Also packte er sich seine Aktentasche, schob noch ein paar Papiere hinein, falls er Zuhause noch etwas nachsehen wollte und verließ dann das große Büro.

Als er am Empfangstresen vorbei zur Garderobe marschierte, wünschte er der Sekretärin einen schönen Abend. Die ältere Frau sah kurz von ihrem Computer auf, schielte ihn über ihre tiefsitzende Brille einen Moment lang abschätzend an, erwiderte den Gruß dann mit einem würdevollen Neigen ihres ergrauten Kopfes, dessen Haare sie zu einem strengen Knoten zurückgebunden hatte.

Leon lächelte in sich hinein. Er mochte sie, ganz eindeutig. Sie war eine exzellente Sekretärin, arbeitete effektiv und zielgerichtet, machte so gut wie nie überflüssige Worte, schmachtete ihn nicht an, war kühl aber höflich zu den Klienten, telefonierte nicht auf seine Kosten und feilte sich keine Fingernägel während der Arbeitszeit. Er bezweifelte sogar, dass sie sie überhaupt jemals feilte. Oh ja, er mochte sie sogar sehr.
 

Er nahm sich seine Jacke und den Schal, zog sich an und streifte sich die ledernen Handschuhe über die Finger, bevor er das Vorzimmer in Richtung Fahrstuhl verließ und von dort aus in die Tiefgarage fuhr. Wehmütig betrachtete er den Sportwagen, der auf seinem Parkplatz stand.

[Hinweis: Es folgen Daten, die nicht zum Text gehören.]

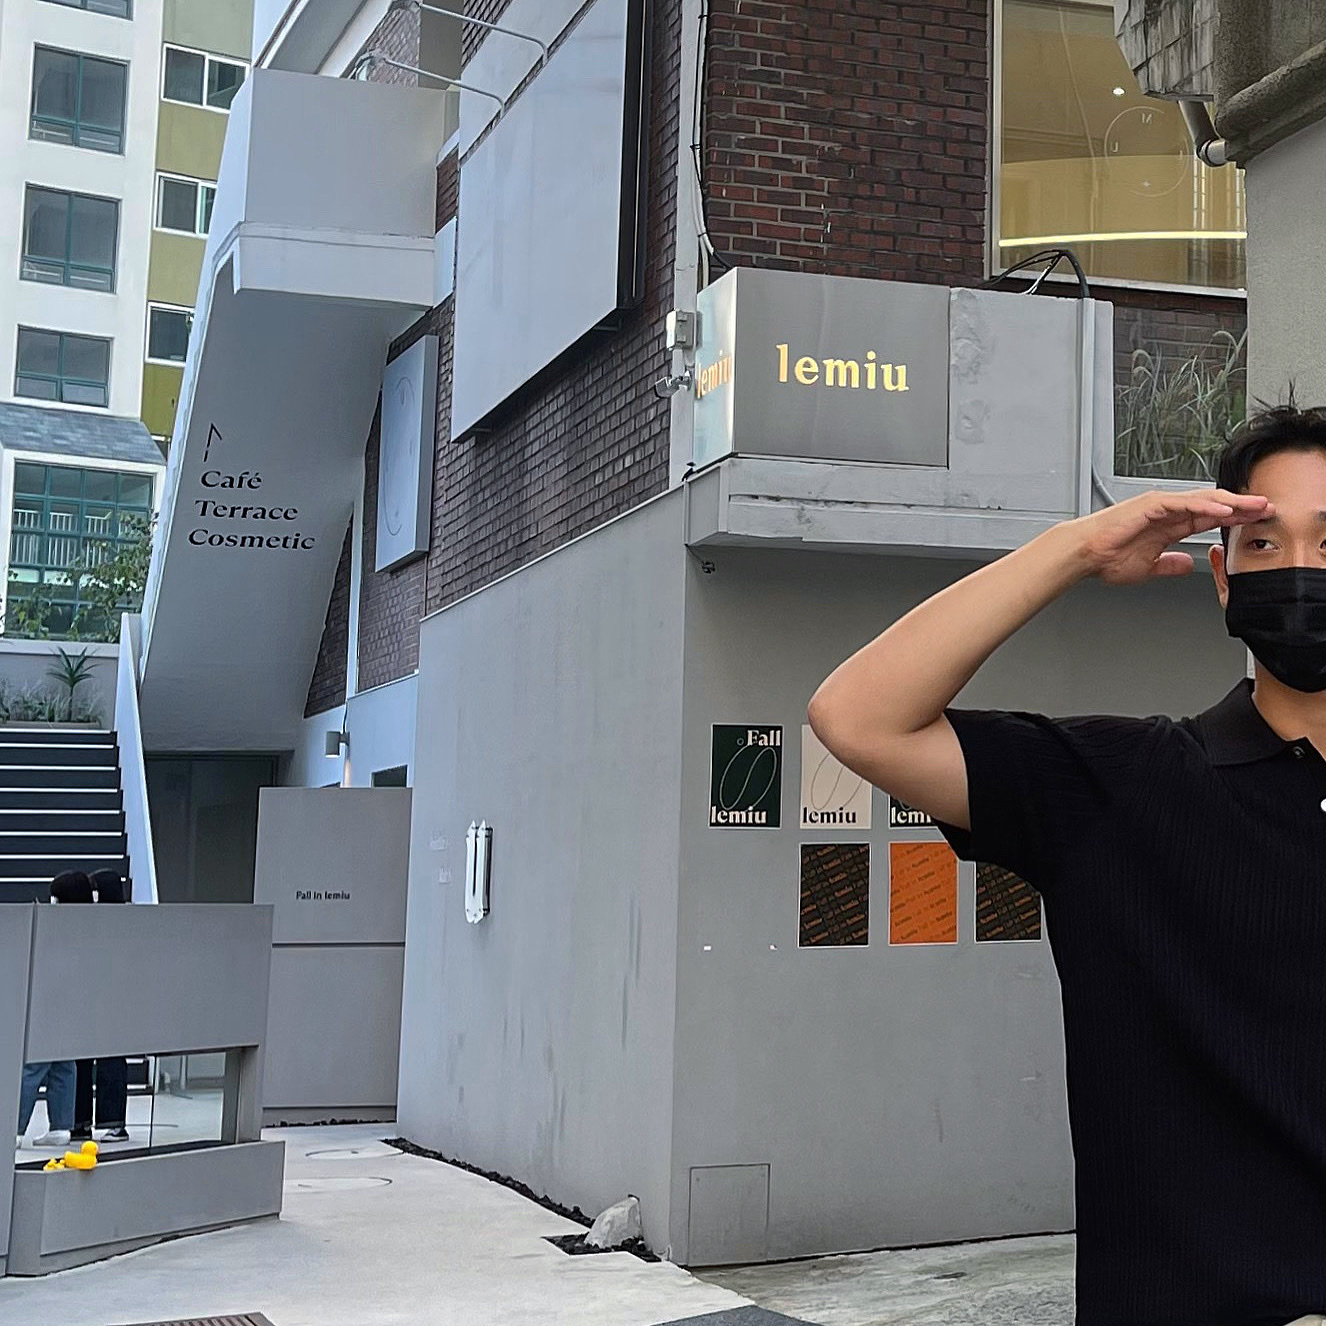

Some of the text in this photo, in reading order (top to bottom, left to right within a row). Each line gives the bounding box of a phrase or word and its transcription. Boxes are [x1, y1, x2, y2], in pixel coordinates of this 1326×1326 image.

Wie sehr hatte er seinen alten, kleinen Golf geliebt. Vielleicht sollte er sich wieder einen anschaffen? Aber von einem Mann seines Kapitals und Rufs wurde nun einmal verlangt, dass er ein Auto seinem Prestige entsprechend fuhr. Und deswegen hatte er sich halt schweren Herzens einen dunkelblauen Mercedes angeschafft und das Auto vom ersten Moment an gehasst. Er fand es hässlich, unglaublich unpraktisch, weil es fast keinen Kofferraum hatte und überhaupt zu protzig. Aber was machte man nicht alles, damit die Kanzlei lief... beschissene Klischees!
 

Er drückte auf die kleine Erhebung seines Schlüssels und die Zentralverriegelung öffnete mit einem leisen Klicken. Die Aktentasche landete auf dem Beifahrersitz und Leon stieg ein, stieß sich dabei kräftig den Kopf an. Scheißkarre! Warum musste das blöde Ding auch so niedrig sein? Jedes verfluchte Mal, wenn er etwas in Gedanken war, passierte ihm das, jedes Mal! Konnten die nicht normal hohe Dächer bauen?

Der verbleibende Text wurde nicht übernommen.